* _Task instructions_: For this exercise, repeat each entry exactly as written.

Content starts

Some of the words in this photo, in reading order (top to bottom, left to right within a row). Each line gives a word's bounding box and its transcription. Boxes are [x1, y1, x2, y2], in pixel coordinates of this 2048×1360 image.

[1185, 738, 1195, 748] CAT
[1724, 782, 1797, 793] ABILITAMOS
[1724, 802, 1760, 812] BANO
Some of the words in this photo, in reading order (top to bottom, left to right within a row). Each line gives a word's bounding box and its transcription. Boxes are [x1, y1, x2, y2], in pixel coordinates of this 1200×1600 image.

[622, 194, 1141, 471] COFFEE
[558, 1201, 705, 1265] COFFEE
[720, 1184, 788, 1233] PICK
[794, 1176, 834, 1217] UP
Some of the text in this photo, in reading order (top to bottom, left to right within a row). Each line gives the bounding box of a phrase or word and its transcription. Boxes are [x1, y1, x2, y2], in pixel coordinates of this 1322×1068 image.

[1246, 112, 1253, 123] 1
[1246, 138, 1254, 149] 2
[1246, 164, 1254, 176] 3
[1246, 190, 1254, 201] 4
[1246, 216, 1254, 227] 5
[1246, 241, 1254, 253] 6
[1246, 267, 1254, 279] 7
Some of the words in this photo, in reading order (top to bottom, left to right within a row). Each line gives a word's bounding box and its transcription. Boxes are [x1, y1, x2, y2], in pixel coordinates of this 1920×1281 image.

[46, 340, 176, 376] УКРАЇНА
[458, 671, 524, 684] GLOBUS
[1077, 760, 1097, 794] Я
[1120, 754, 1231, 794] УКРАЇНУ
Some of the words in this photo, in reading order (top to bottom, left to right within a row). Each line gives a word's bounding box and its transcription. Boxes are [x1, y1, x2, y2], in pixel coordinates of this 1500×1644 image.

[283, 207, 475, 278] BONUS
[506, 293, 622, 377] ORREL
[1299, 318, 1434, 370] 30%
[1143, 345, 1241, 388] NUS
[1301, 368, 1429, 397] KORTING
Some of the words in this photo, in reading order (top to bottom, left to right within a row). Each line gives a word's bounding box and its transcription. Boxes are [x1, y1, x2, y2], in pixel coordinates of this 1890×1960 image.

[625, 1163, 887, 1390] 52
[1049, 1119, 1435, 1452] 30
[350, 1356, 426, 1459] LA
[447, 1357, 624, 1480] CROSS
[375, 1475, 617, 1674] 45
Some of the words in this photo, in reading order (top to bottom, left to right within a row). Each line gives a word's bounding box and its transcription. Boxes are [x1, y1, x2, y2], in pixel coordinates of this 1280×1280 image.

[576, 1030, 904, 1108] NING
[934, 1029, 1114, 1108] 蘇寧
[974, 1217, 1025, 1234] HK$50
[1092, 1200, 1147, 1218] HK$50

Content ends

* _Output_:
Some of the words in this photo, in reading order (top to bottom, left to right within a row). Each line gives a word's bounding box and its transcription. Boxes are [x1, y1, x2, y2], in pixel coordinates of this 2048×1360 image.

[1185, 738, 1195, 748] CAT
[1724, 782, 1797, 793] ABILITAMOS
[1724, 802, 1760, 812] BANO
Some of the words in this photo, in reading order (top to bottom, left to right within a row). Each line gives a word's bounding box and its transcription. Boxes are [x1, y1, x2, y2], in pixel coordinates of this 1200×1600 image.

[622, 194, 1141, 471] COFFEE
[558, 1201, 705, 1265] COFFEE
[720, 1184, 788, 1233] PICK
[794, 1176, 834, 1217] UP
Some of the text in this photo, in reading order (top to bottom, left to right within a row). Each line gives the bounding box of a phrase or word and its transcription. Boxes are [x1, y1, x2, y2], in pixel coordinates of this 1322×1068 image.

[1246, 112, 1253, 123] 1
[1246, 138, 1254, 149] 2
[1246, 164, 1254, 176] 3
[1246, 190, 1254, 201] 4
[1246, 216, 1254, 227] 5
[1246, 241, 1254, 253] 6
[1246, 267, 1254, 279] 7
Some of the words in this photo, in reading order (top to bottom, left to right within a row). Each line gives a word's bounding box and its transcription. Boxes are [x1, y1, x2, y2], in pixel coordinates of this 1920×1281 image.

[46, 340, 176, 376] УКРАЇНА
[458, 671, 524, 684] GLOBUS
[1077, 760, 1097, 794] Я
[1120, 754, 1231, 794] УКРАЇНУ
Some of the words in this photo, in reading order (top to bottom, left to right within a row). Each line gives a word's bounding box and its transcription. Boxes are [x1, y1, x2, y2], in pixel coordinates of this 1500×1644 image.

[283, 207, 475, 278] BONUS
[506, 293, 622, 377] ORREL
[1299, 318, 1434, 370] 30%
[1143, 345, 1241, 388] NUS
[1301, 368, 1429, 397] KORTING
Some of the words in this photo, in reading order (top to bottom, left to right within a row). Each line gives a word's bounding box and its transcription. Boxes are [x1, y1, x2, y2], in pixel coordinates of this 1890×1960 image.

[625, 1163, 887, 1390] 52
[1049, 1119, 1435, 1452] 30
[350, 1356, 426, 1459] LA
[447, 1357, 624, 1480] CROSS
[375, 1475, 617, 1674] 45
Some of the words in this photo, in reading order (top to bottom, left to right within a row). Each line gives a word's bounding box and its transcription. Boxes are [x1, y1, x2, y2], in pixel coordinates of this 1280×1280 image.

[576, 1030, 904, 1108] NING
[934, 1029, 1114, 1108] 蘇寧
[974, 1217, 1025, 1234] HK$50
[1092, 1200, 1147, 1218] HK$50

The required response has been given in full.